TASK DESCRIPTION: Return each of the entries below precisely, with no pictures in the result.

DATASET CONTENT:

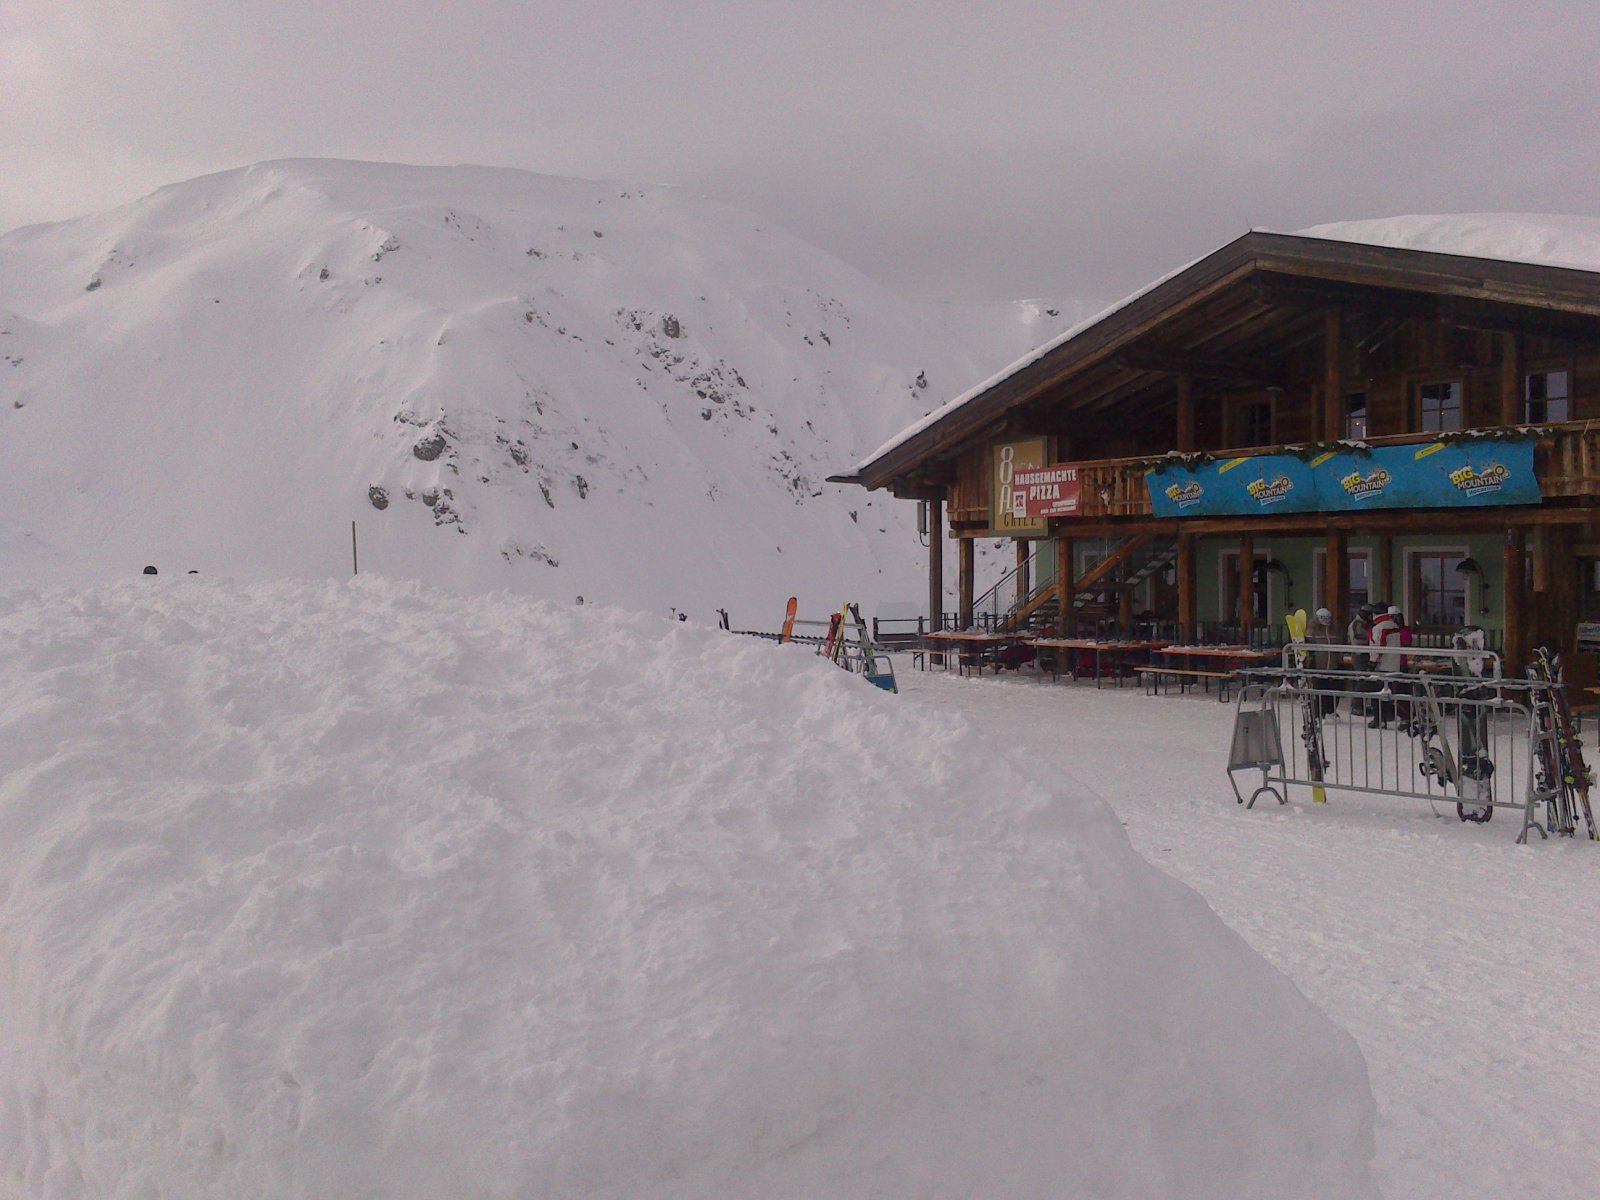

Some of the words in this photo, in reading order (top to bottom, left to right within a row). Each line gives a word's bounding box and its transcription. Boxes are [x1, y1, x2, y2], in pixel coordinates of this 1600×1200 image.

[1014, 470, 1077, 485] HAUSGEMACHTE
[1343, 476, 1361, 488] BIG
[1452, 470, 1473, 484] BIG
[1457, 476, 1503, 489] MOUNTAIN
[1029, 485, 1061, 500] PIZZA
[1167, 487, 1181, 498] BIG
[1249, 482, 1265, 494] BIG
[1253, 487, 1287, 499] MOUNTAIN
[1347, 482, 1384, 494] MOUNTAIN
[1172, 491, 1200, 502] MOUNTAIN

WRITTEN RESPONSE:
Some of the words in this photo, in reading order (top to bottom, left to right within a row). Each line gives a word's bounding box and its transcription. Boxes are [x1, y1, x2, y2], in pixel coordinates of this 1600×1200 image.

[1014, 470, 1077, 485] HAUSGEMACHTE
[1343, 476, 1361, 488] BIG
[1452, 470, 1473, 484] BIG
[1457, 476, 1503, 489] MOUNTAIN
[1029, 485, 1061, 500] PIZZA
[1167, 487, 1181, 498] BIG
[1249, 482, 1265, 494] BIG
[1253, 487, 1287, 499] MOUNTAIN
[1347, 482, 1384, 494] MOUNTAIN
[1172, 491, 1200, 502] MOUNTAIN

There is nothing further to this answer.